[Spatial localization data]
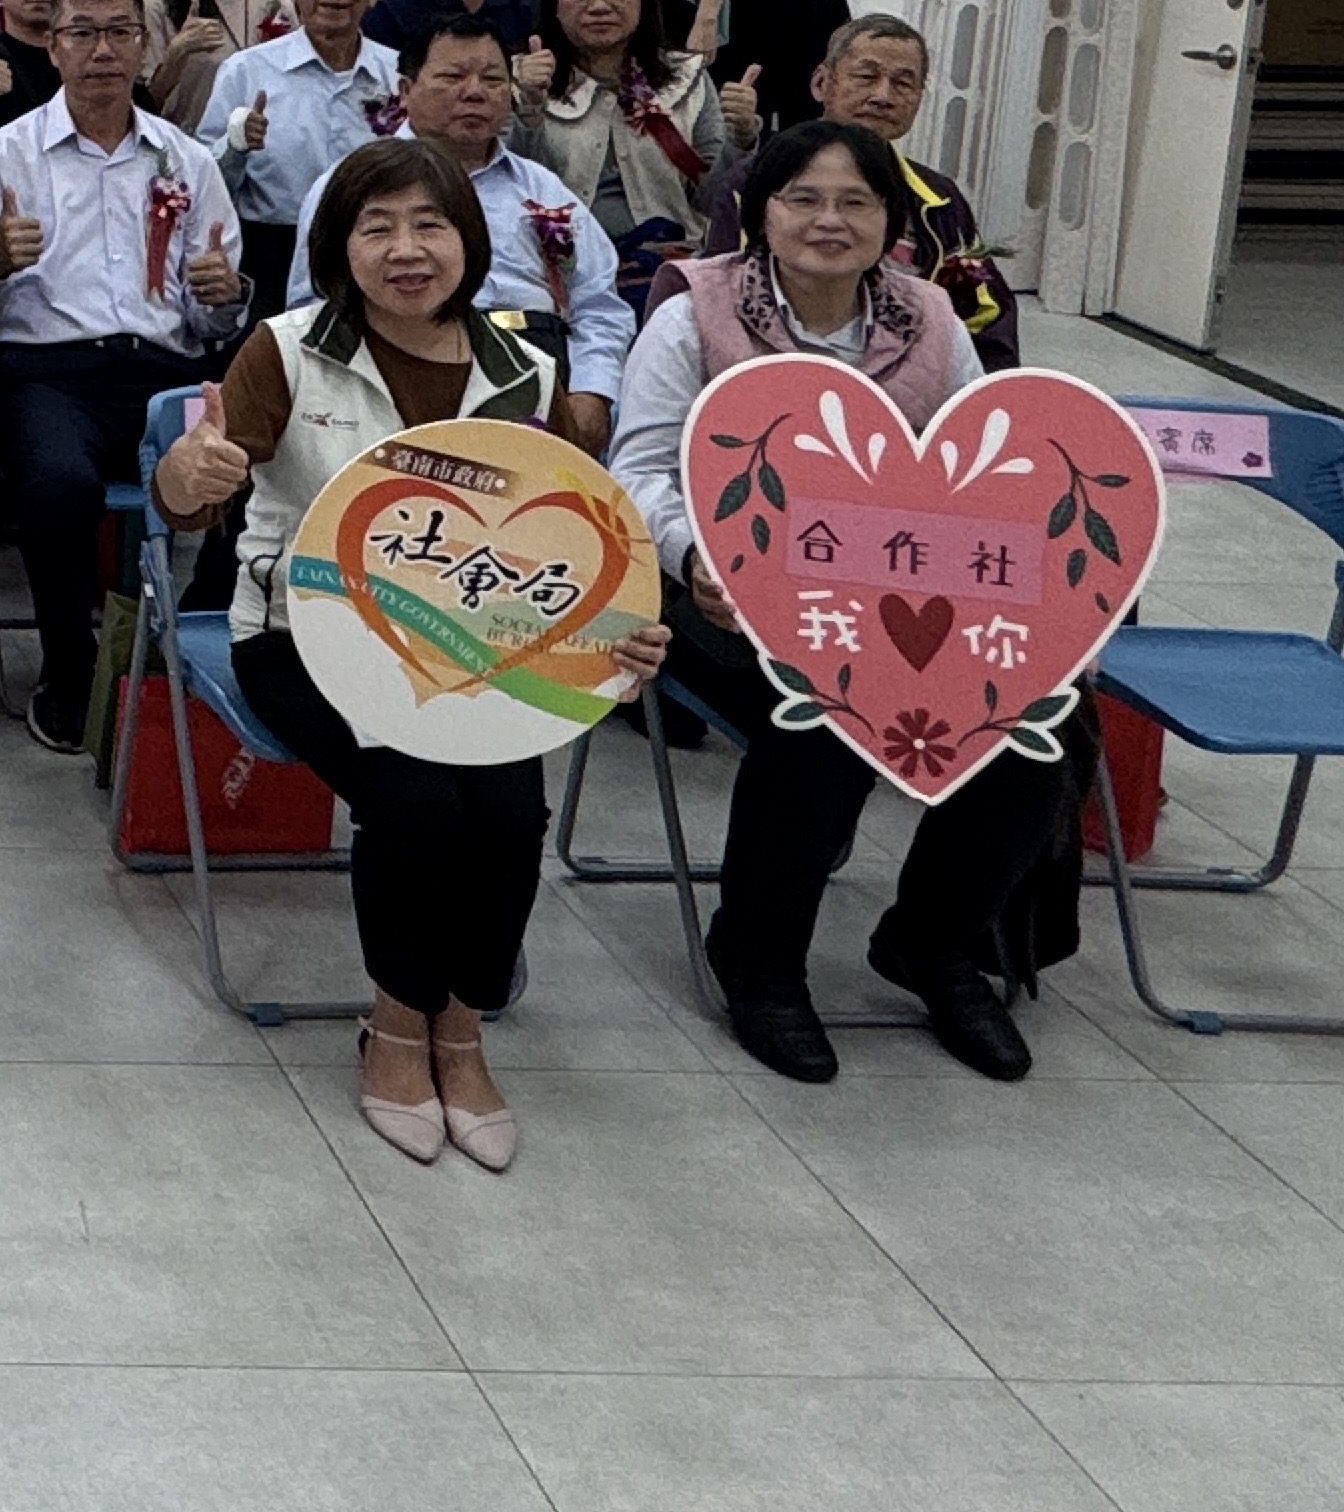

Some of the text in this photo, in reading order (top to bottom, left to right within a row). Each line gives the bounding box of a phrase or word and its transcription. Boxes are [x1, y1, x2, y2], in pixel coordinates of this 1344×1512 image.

[1142, 425, 1216, 456] 賓席
[370, 510, 580, 616] 社會局
[797, 520, 1016, 587] 合作社
[797, 590, 1029, 669] 我 你
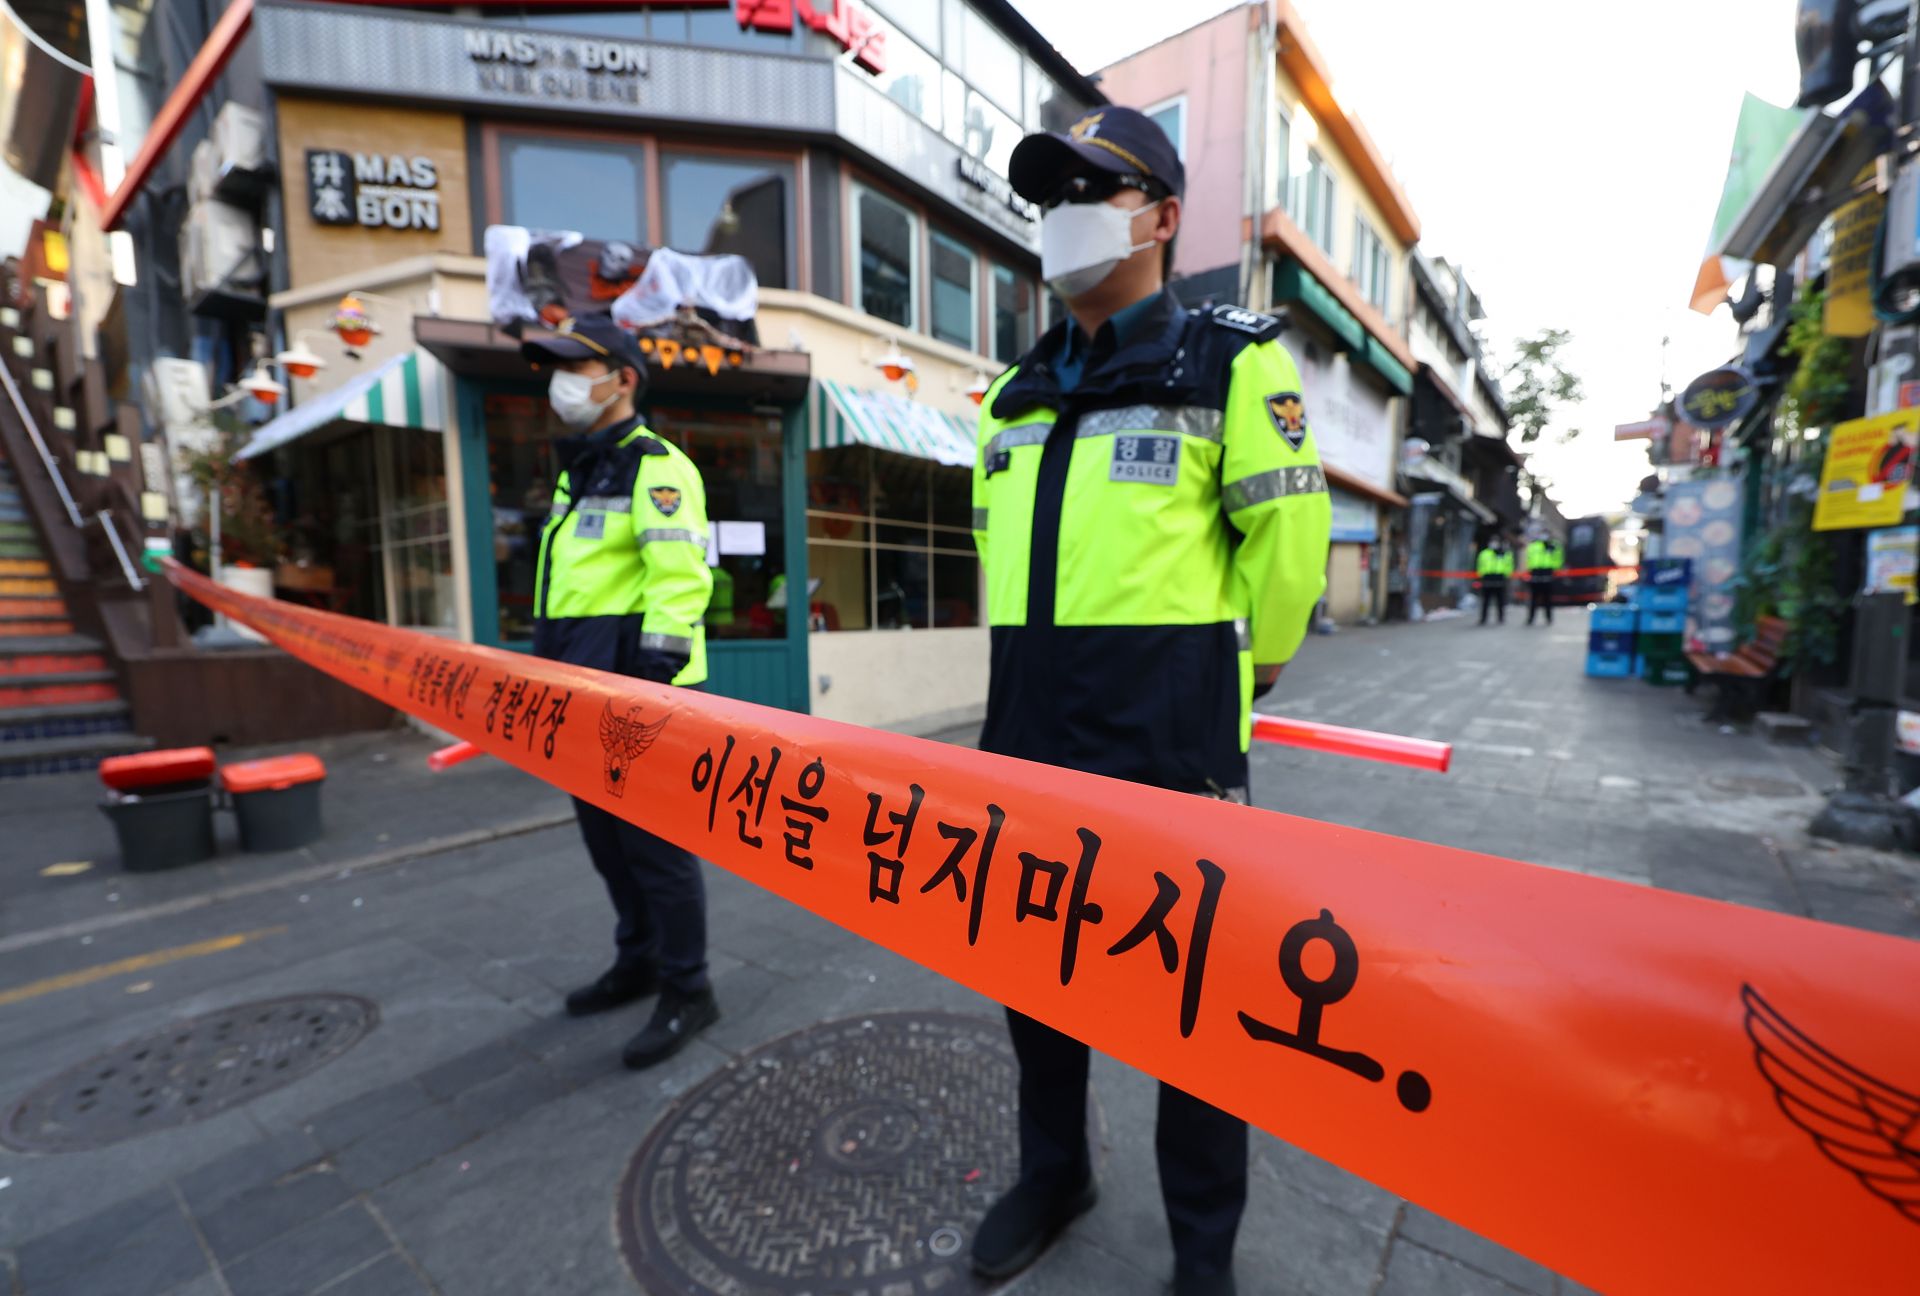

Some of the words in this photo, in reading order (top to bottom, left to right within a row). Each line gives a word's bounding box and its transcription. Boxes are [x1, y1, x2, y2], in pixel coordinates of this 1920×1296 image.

[464, 29, 537, 64] MAS
[579, 41, 650, 76] BON
[354, 152, 437, 188] MAS
[356, 195, 439, 231] BON
[1116, 464, 1172, 479] POLICE
[483, 674, 572, 759] 경찰서장
[691, 734, 829, 871] 이선을

**What to produce:** I need exact copies of the lines from the one holding "Some of the words" through the end of the records above, and nothing beyond them.

**Your solution:**
Some of the words in this photo, in reading order (top to bottom, left to right within a row). Each line gives a word's bounding box and its transcription. Boxes are [x1, y1, x2, y2], in pixel coordinates of this 1920×1296 image.

[464, 29, 537, 64] MAS
[579, 41, 650, 76] BON
[354, 152, 437, 188] MAS
[356, 195, 439, 231] BON
[1116, 464, 1172, 479] POLICE
[483, 674, 572, 759] 경찰서장
[691, 734, 829, 871] 이선을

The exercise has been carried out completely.